Exercise objective>
Each record below is to be output unchanged, and any picture is to be dropped.

Exercise input>
◆ ◆ ◆ ◆

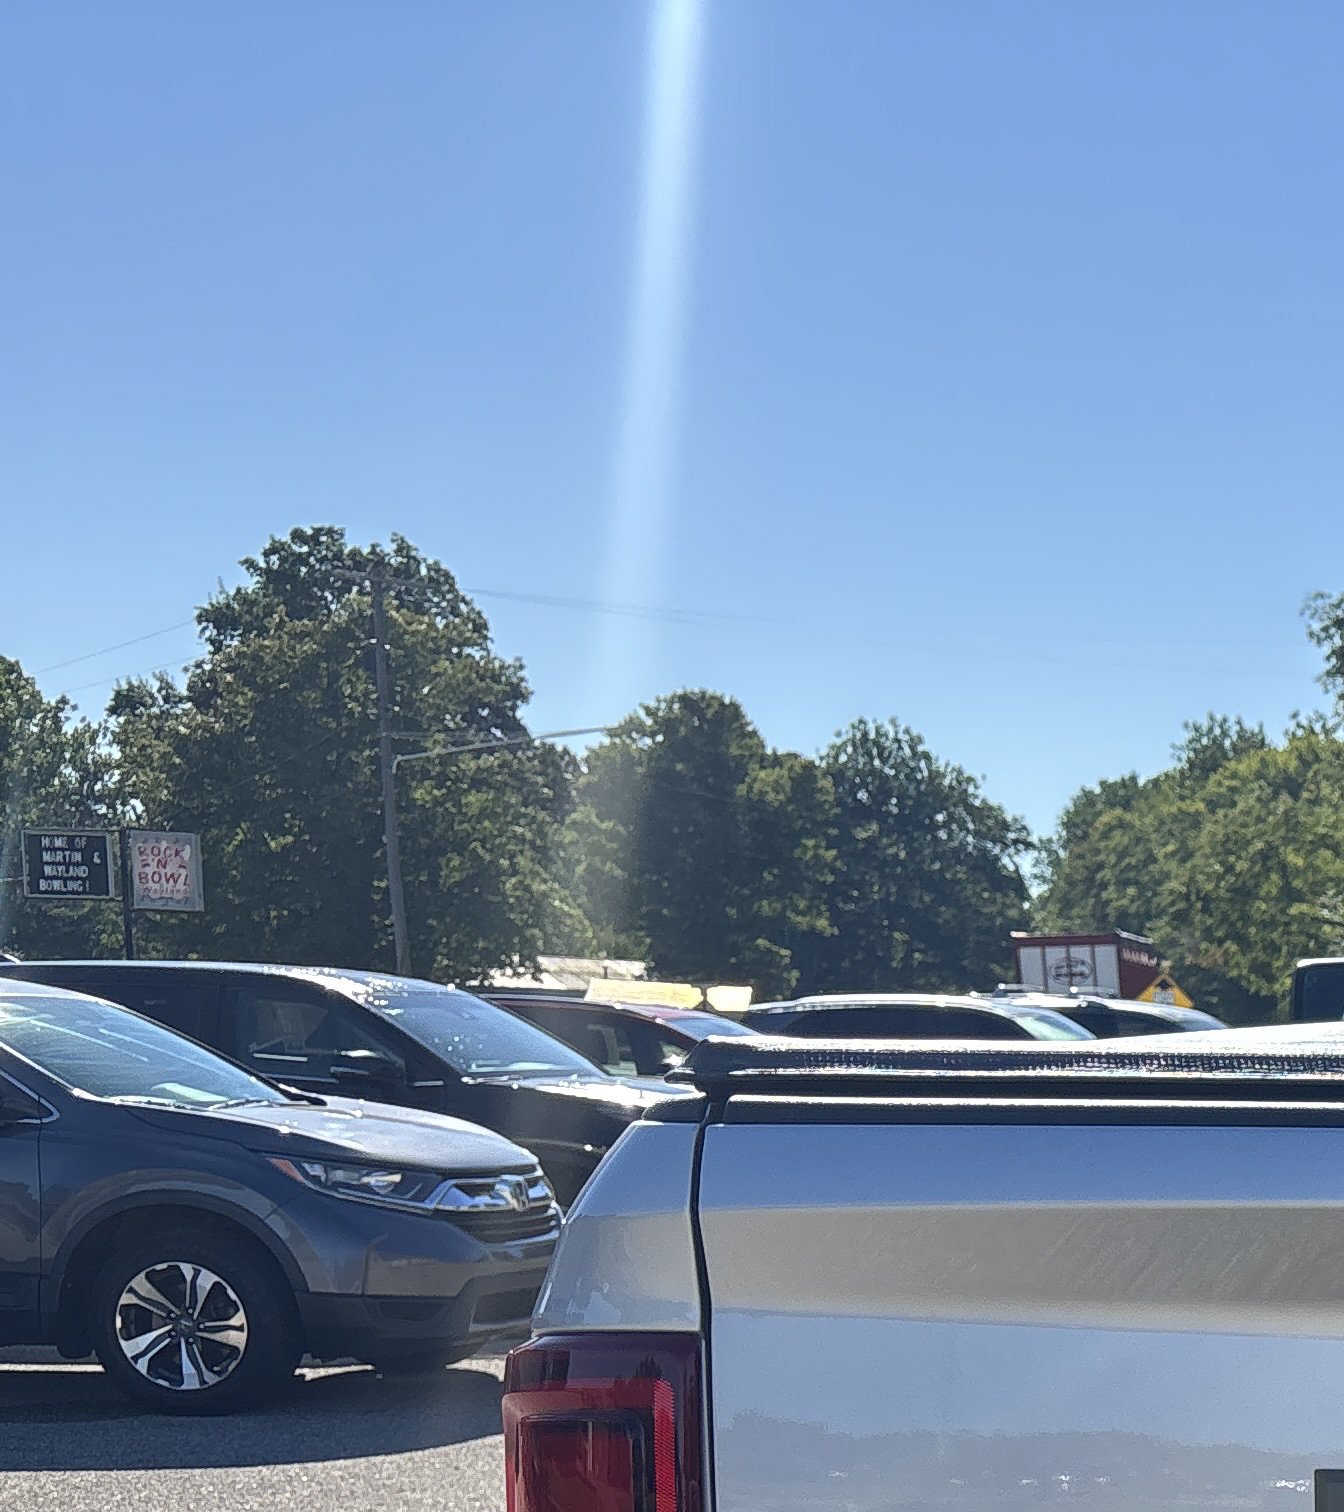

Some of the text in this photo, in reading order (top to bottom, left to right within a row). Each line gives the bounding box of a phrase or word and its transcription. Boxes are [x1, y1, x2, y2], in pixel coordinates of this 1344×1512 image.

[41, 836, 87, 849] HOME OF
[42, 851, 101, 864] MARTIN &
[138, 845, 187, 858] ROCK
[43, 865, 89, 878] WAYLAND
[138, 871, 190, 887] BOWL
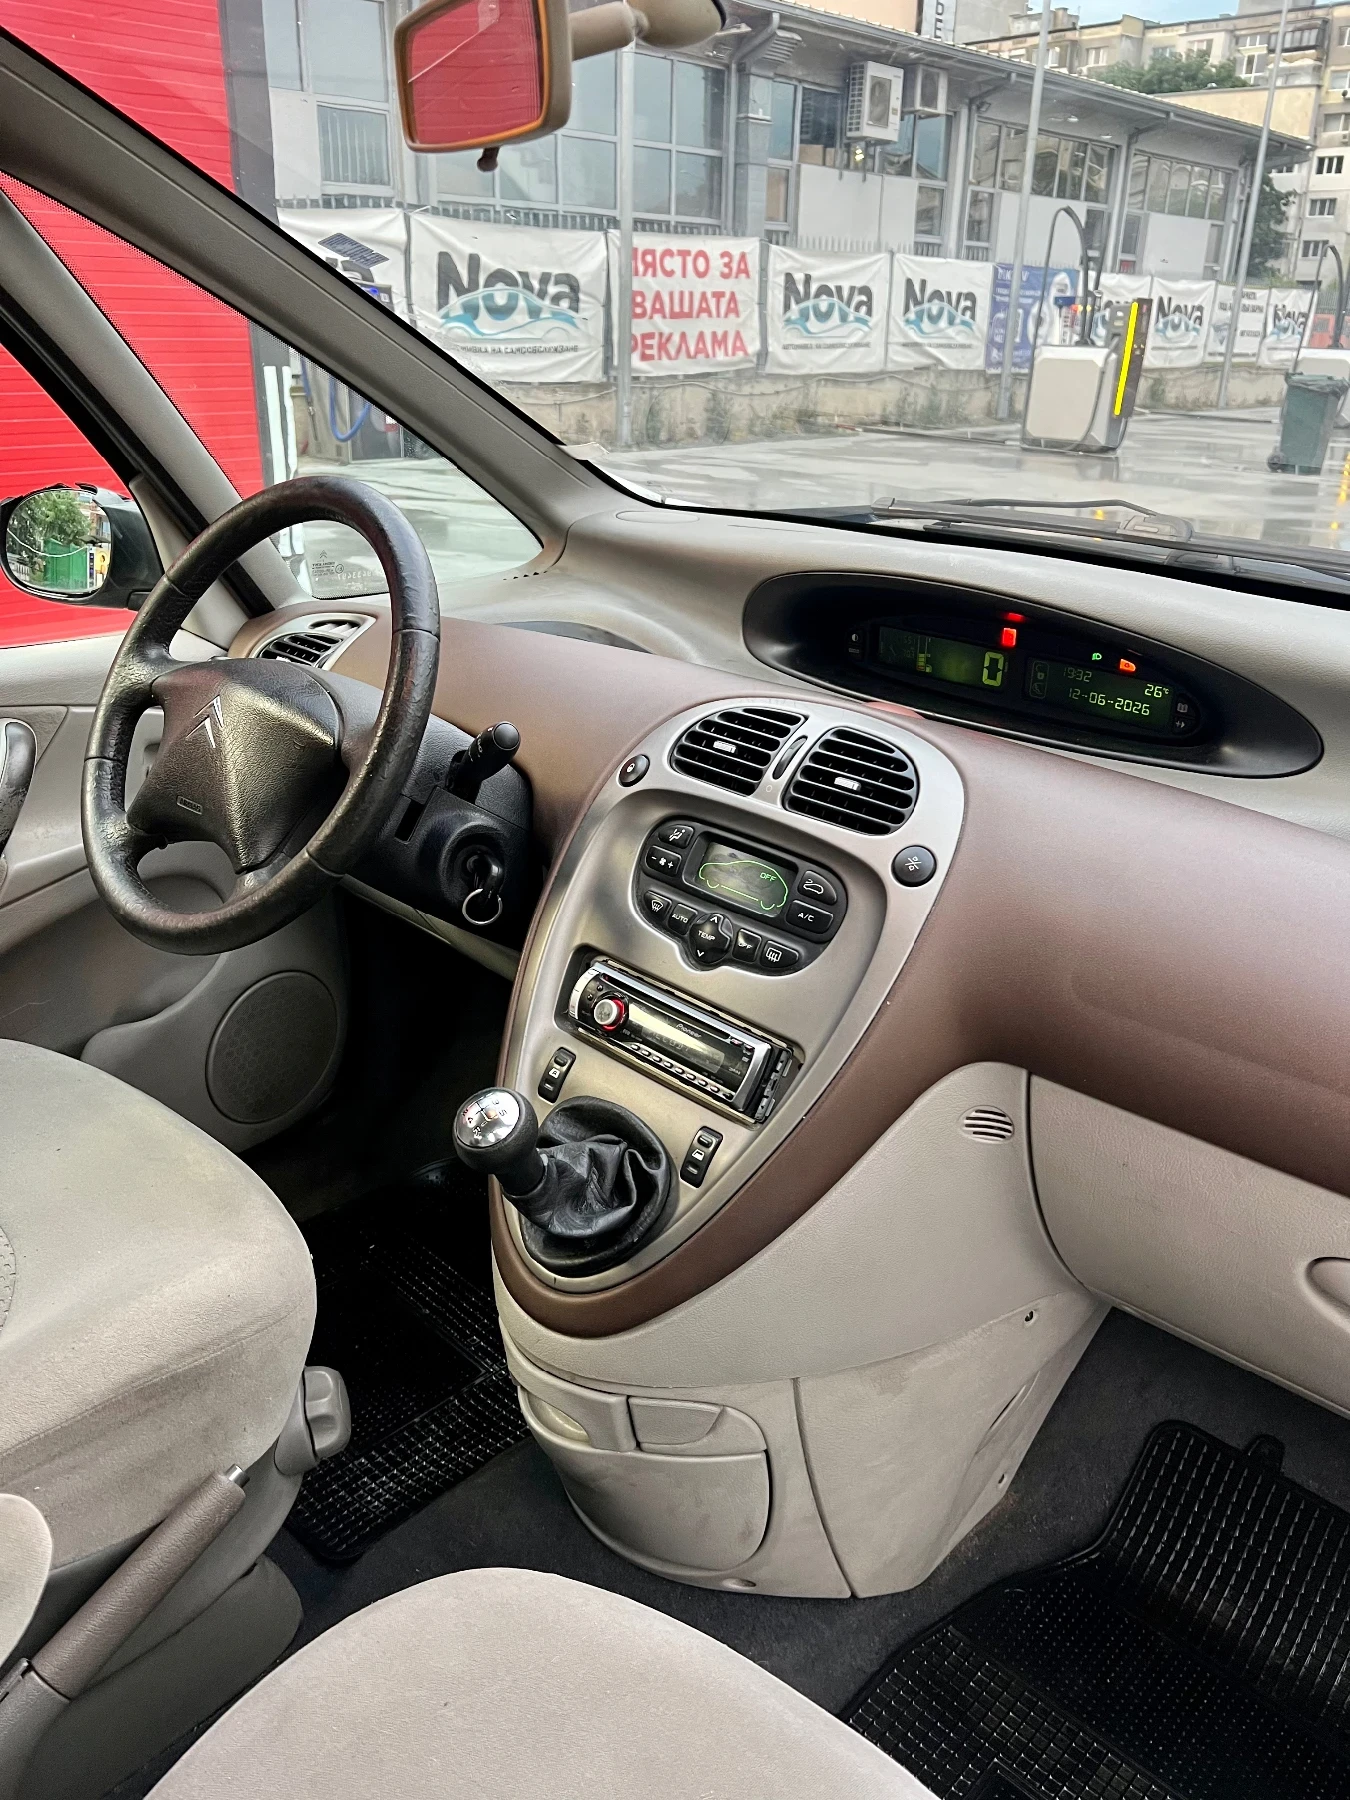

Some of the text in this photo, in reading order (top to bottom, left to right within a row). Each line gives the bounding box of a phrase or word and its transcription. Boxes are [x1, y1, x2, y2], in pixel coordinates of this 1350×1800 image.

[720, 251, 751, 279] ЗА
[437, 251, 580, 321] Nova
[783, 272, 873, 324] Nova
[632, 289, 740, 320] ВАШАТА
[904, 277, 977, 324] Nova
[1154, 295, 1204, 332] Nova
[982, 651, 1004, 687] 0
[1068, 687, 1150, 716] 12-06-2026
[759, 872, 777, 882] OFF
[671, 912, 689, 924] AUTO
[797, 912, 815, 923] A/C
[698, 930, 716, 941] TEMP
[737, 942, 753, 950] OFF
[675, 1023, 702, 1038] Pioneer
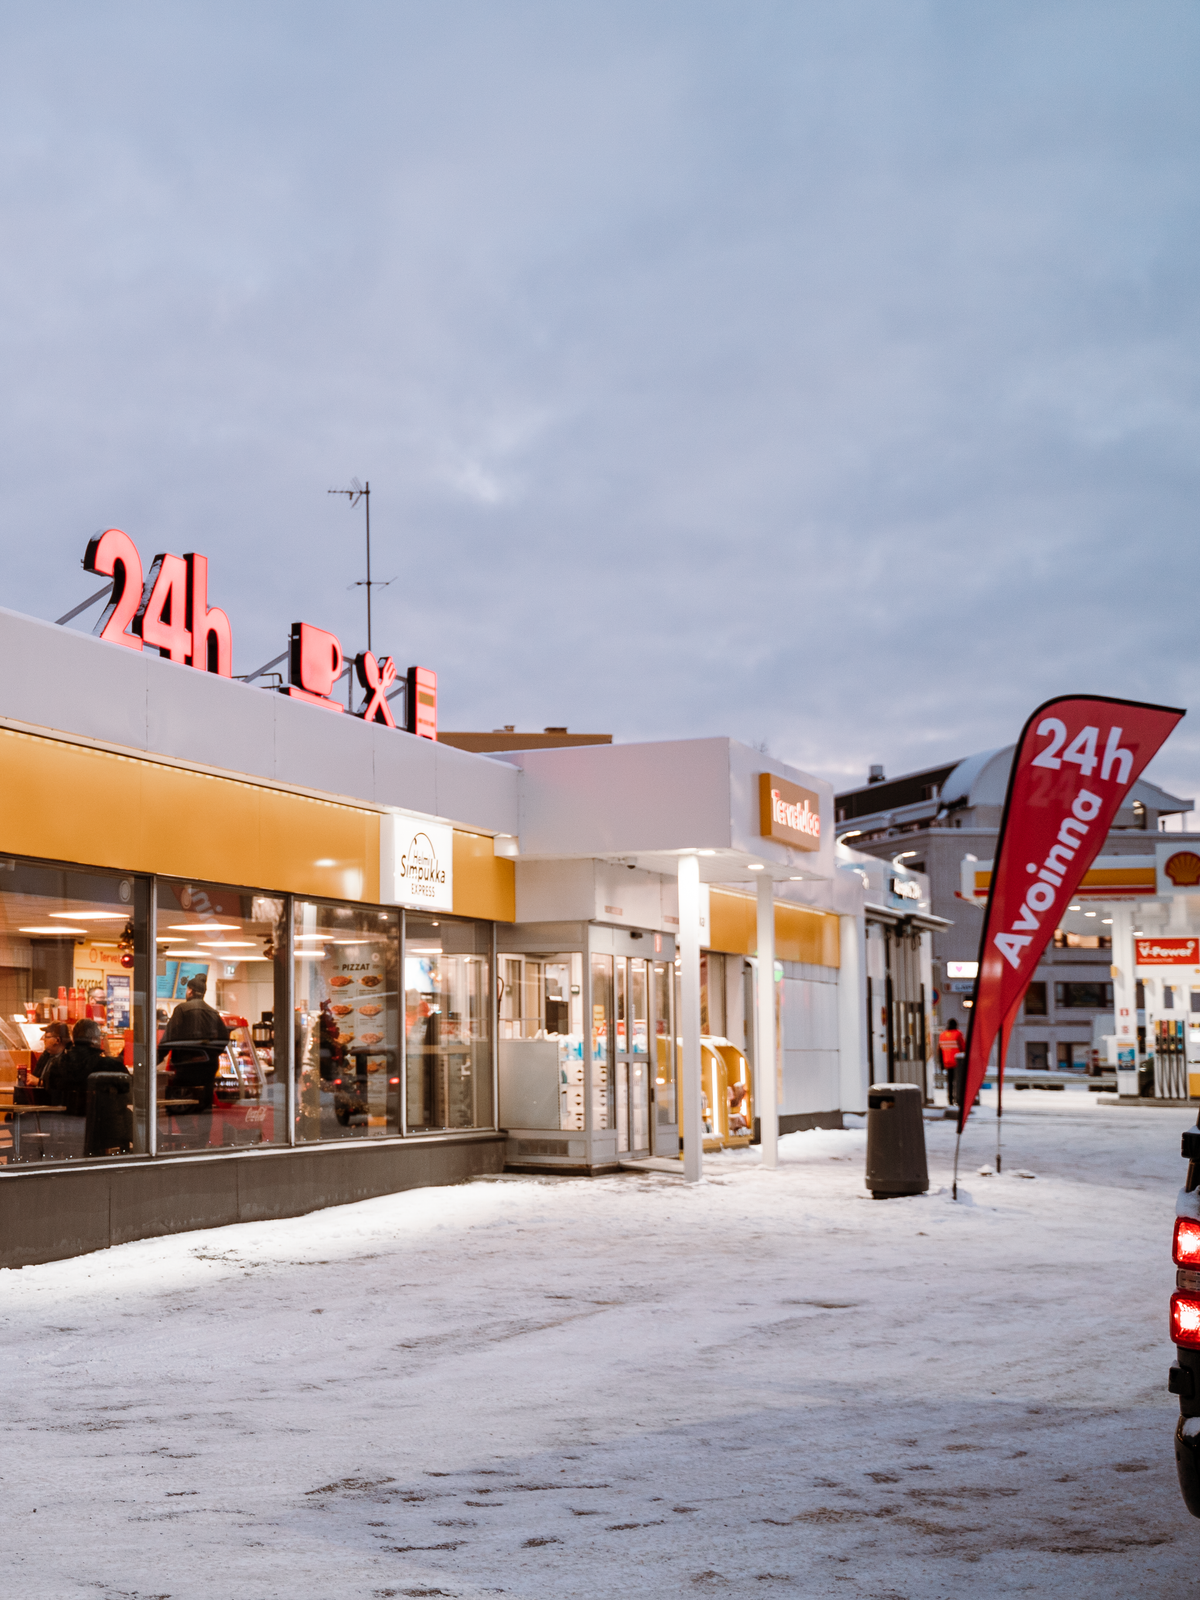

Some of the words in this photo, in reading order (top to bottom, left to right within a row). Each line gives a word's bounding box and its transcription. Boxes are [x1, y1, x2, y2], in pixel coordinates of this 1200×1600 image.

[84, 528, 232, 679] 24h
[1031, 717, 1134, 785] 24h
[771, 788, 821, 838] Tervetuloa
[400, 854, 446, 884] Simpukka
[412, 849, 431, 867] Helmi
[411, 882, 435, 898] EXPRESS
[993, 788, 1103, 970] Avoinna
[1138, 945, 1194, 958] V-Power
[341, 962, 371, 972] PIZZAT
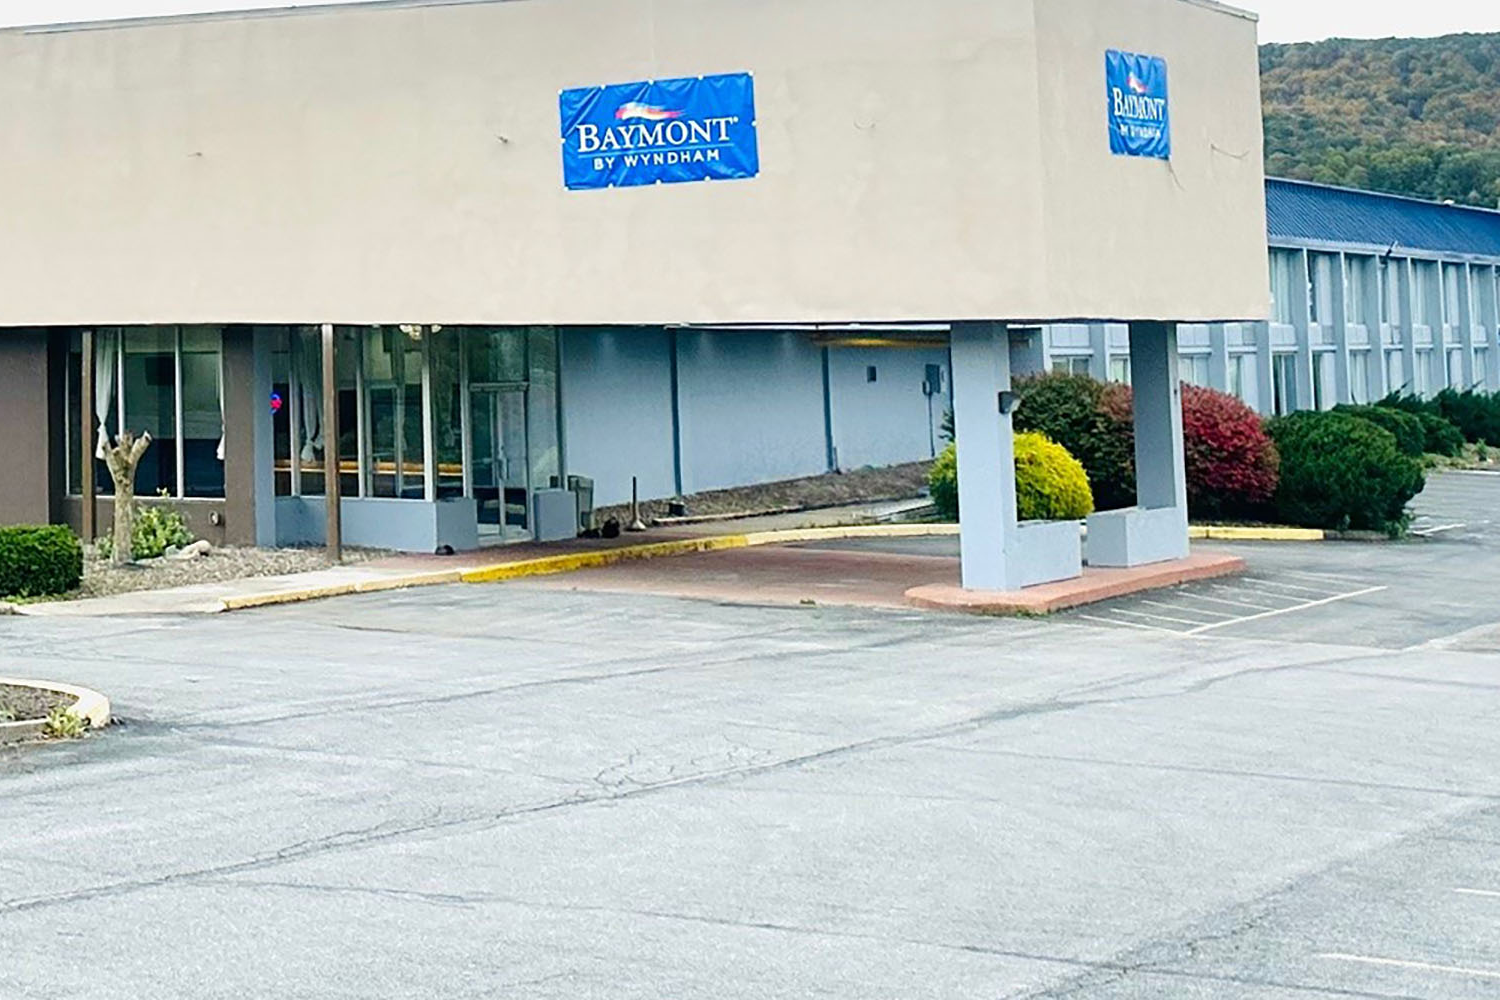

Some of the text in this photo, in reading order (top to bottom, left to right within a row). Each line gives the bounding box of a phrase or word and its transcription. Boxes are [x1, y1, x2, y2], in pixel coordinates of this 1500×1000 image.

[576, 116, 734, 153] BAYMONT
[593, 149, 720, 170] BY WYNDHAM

◆ ◆ ◆ ◆

Result for this exercise>
Some of the text in this photo, in reading order (top to bottom, left to right within a row). Each line gives the bounding box of a phrase or word and its transcription. Boxes are [x1, y1, x2, y2], in pixel coordinates of this 1344×1512 image.

[41, 836, 87, 849] HOME OF
[42, 851, 101, 864] MARTIN &
[138, 845, 187, 858] ROCK
[43, 865, 89, 878] WAYLAND
[138, 871, 190, 887] BOWL

Some of the text in this photo, in reading order (top to bottom, left to right within a row). Each line gives the bounding box of a phrase or word and its transcription. Boxes are [x1, y1, x2, y2], in pixel coordinates of this 1350×1800 image.

[720, 251, 751, 279] ЗА
[437, 251, 580, 321] Nova
[783, 272, 873, 324] Nova
[632, 289, 740, 320] ВАШАТА
[904, 277, 977, 324] Nova
[1154, 295, 1204, 332] Nova
[982, 651, 1004, 687] 0
[1068, 687, 1150, 716] 12-06-2026
[759, 872, 777, 882] OFF
[671, 912, 689, 924] AUTO
[797, 912, 815, 923] A/C
[698, 930, 716, 941] TEMP
[737, 942, 753, 950] OFF
[675, 1023, 702, 1038] Pioneer

Some of the words in this photo, in reading order (top to bottom, left to right within a row). Each line gives a word's bounding box and its transcription. Boxes are [x1, y1, x2, y2], in pixel coordinates of this 1200×1600 image.

[84, 528, 232, 679] 24h
[1031, 717, 1134, 785] 24h
[771, 788, 821, 838] Tervetuloa
[400, 854, 446, 884] Simpukka
[412, 849, 431, 867] Helmi
[411, 882, 435, 898] EXPRESS
[993, 788, 1103, 970] Avoinna
[1138, 945, 1194, 958] V-Power
[341, 962, 371, 972] PIZZAT

Some of the text in this photo, in reading order (top to bottom, left to right within a row). Each line gives the bounding box of a phrase or word and its transcription. Boxes are [x1, y1, x2, y2], in pixel coordinates of this 1500×1000 image.

[576, 116, 734, 153] BAYMONT
[593, 149, 720, 170] BY WYNDHAM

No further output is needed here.